These were not minor agreements, but over the welfare of the animals. No matter how much support was given, they were still starved with no water, some disappearing or dying every year. The owner has plead poverty in the newspapers before, saying he doesn't have enough money to feed them. When asked to respond to the deaths at the zoos and the NGOs pulling out, the owner shrugged it off "if they still die because of no food, I will eat them. There is no problem".

The most recent charity forced to pull out from the zoo were EARS, who cared for Kiri and Seila, two elephants who were sick and starved before EARS provided food and medical care for many years. Suddenly, in 2015, the owner announced he was trading them to a Japanese zoo, in return to zebras, white tigers and gorillas. After months of trying, EARS had no choice but to publicly campaign to stop the trade, stop endangered animals from being brought from Japan to the zoo of death.

They succeeded, and were banned from entering the zoos ever again.

I should explain, these are not your regular bad zoos. The animals are starved of course, no food and no water except for the big cats, the lions, tigers, leopards. And also as standard, the cages are filled with garbage and there is no shelter for most of them from the sun or rain. So aside from an owner who says he will eat his animals after they starve to death, what makes these zoos something else?

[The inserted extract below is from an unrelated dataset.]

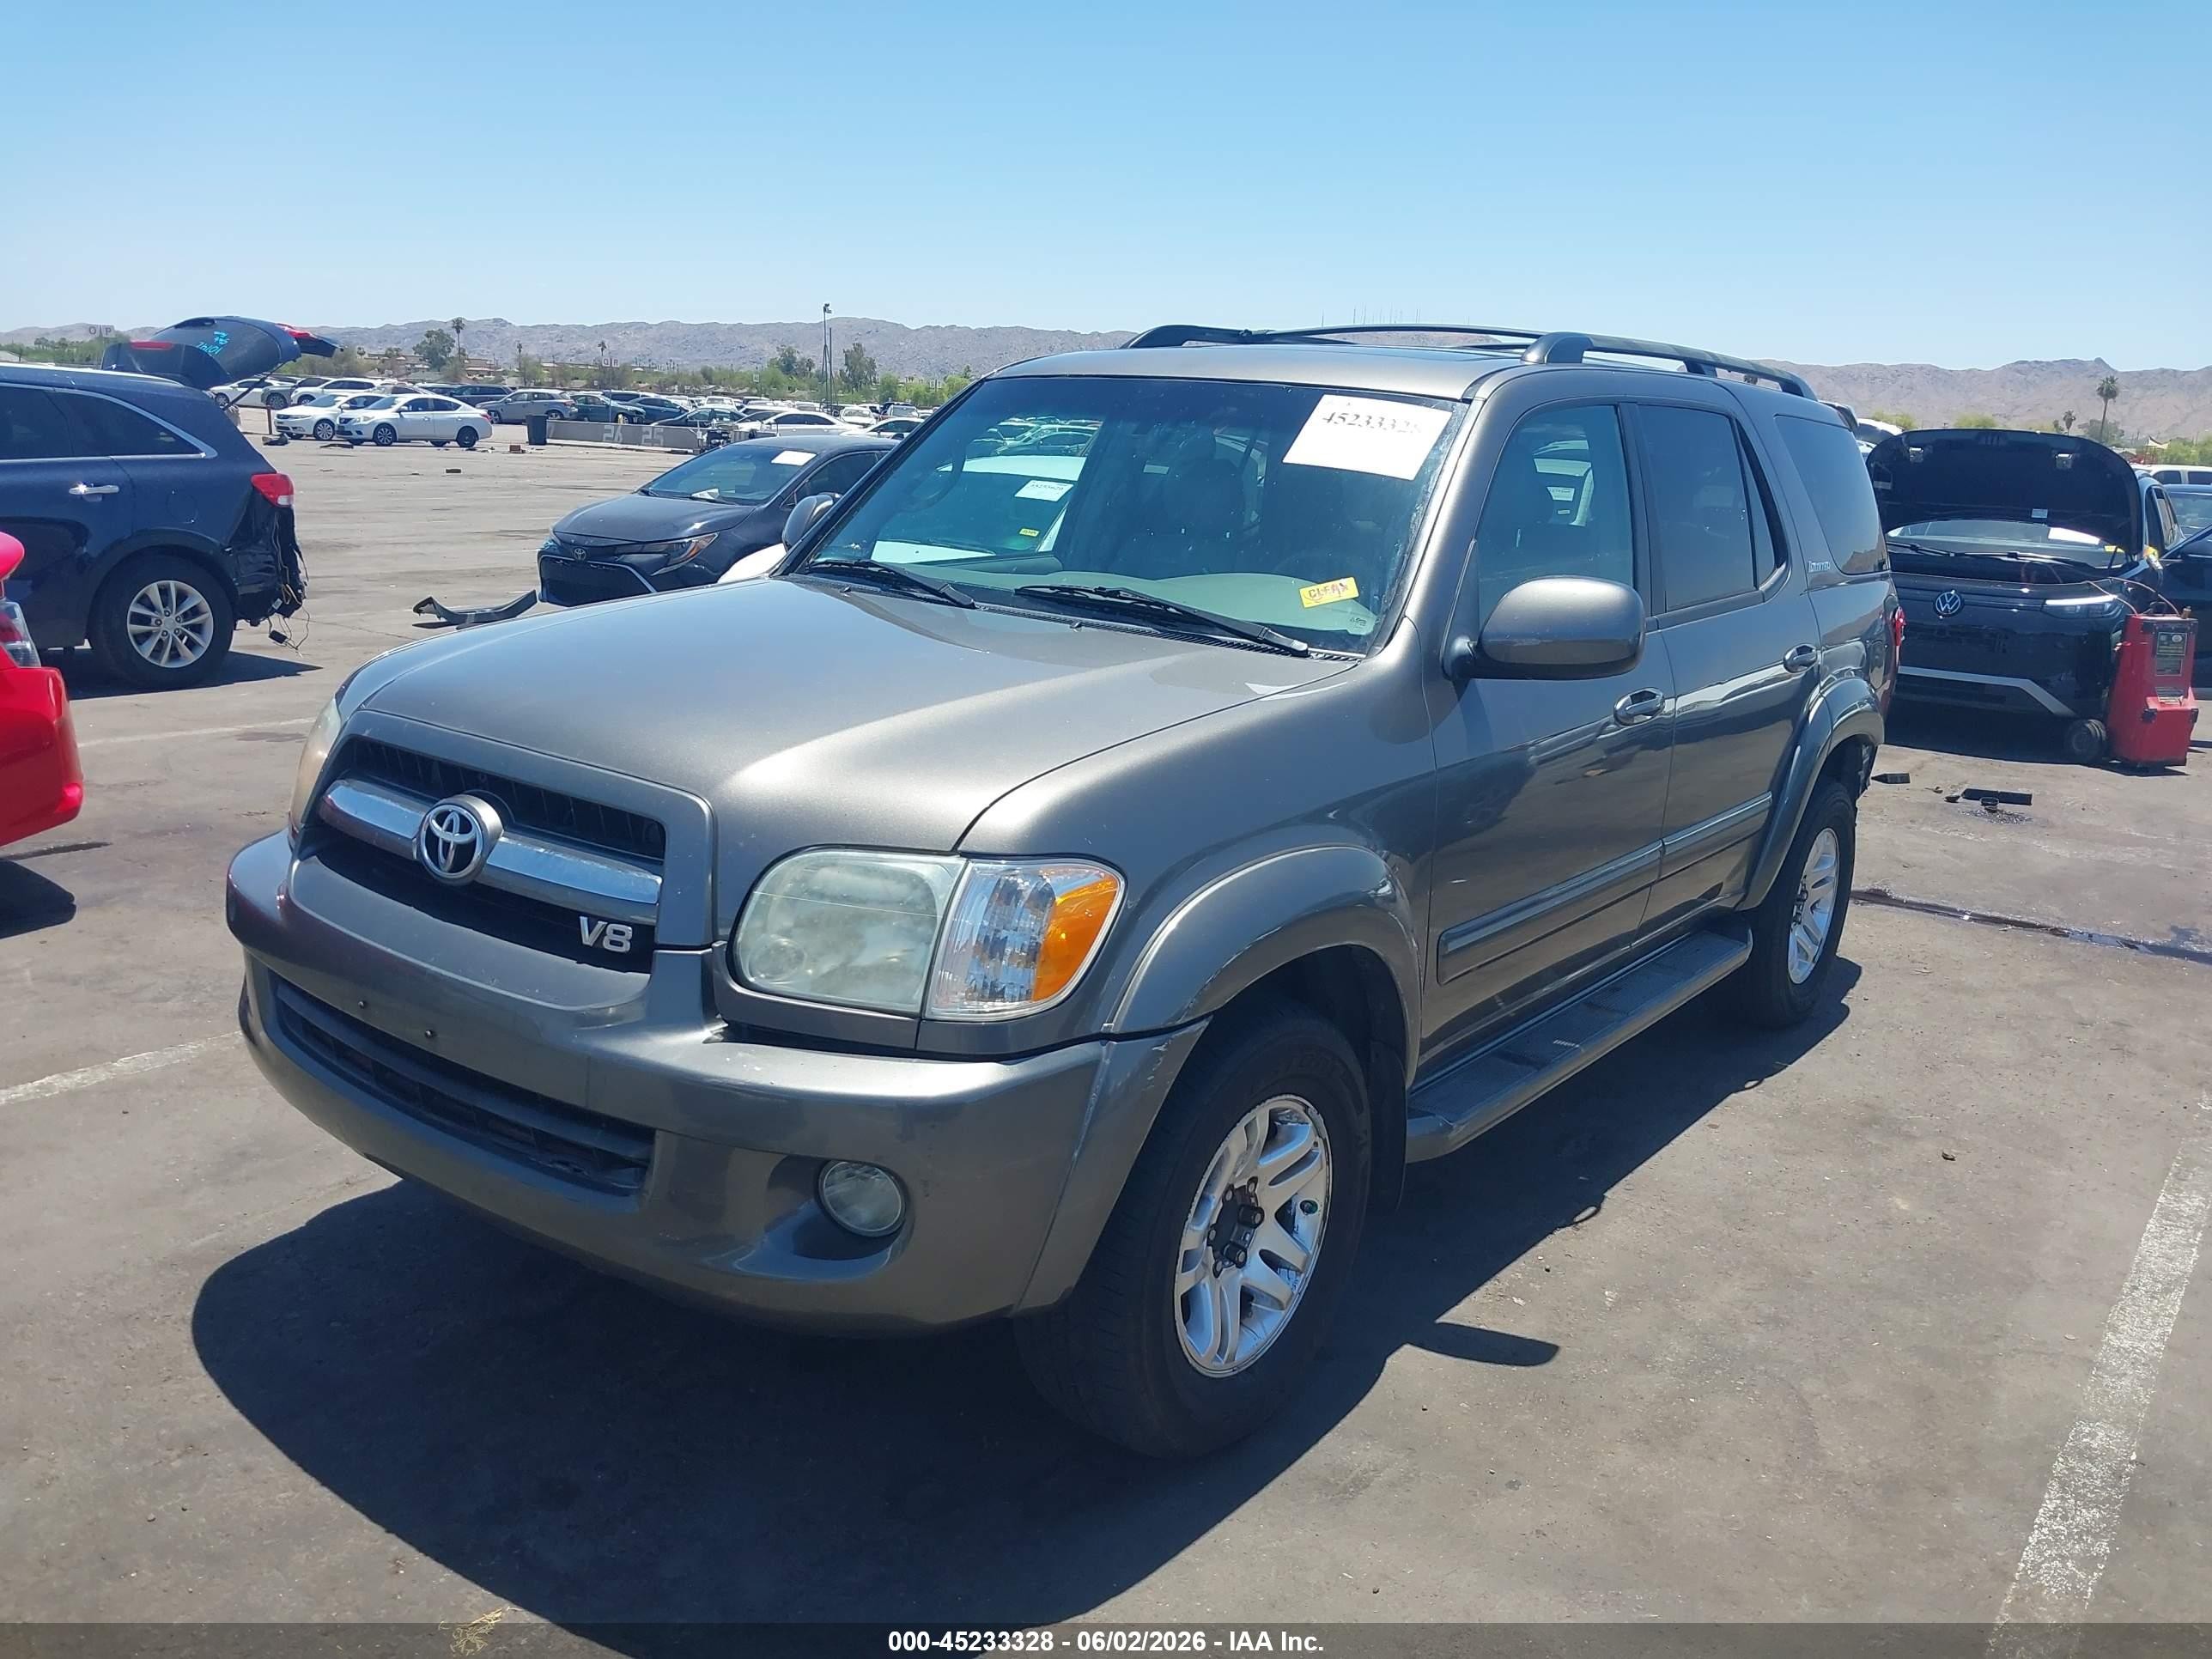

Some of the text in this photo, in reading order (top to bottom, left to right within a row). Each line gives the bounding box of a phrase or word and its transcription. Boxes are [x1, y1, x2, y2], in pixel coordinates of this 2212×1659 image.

[105, 327, 112, 336] P
[641, 427, 664, 446] 25
[579, 916, 633, 953] V8

Those big cats I mentioned are the biggest source of pride for the owner and so are relatively well fed, but how can that be? Here's a hint: some of the cages are funded by Shin Nippon Biomedical Research Laboratories, who experiment on monkeys. I have seen dissected monkey corpses partially eaten in the big cat enclosures. I can think of three possibilities: monkeys are being caught from the wild for food (this would be illegal), some zoo animals are fed to other zoo animals (this would be insane), or ex-laboratory testing monkeys are being cut up and fed to the big cats. That reads like something out of a horror film.  As I say, they are not your regular bad zoos.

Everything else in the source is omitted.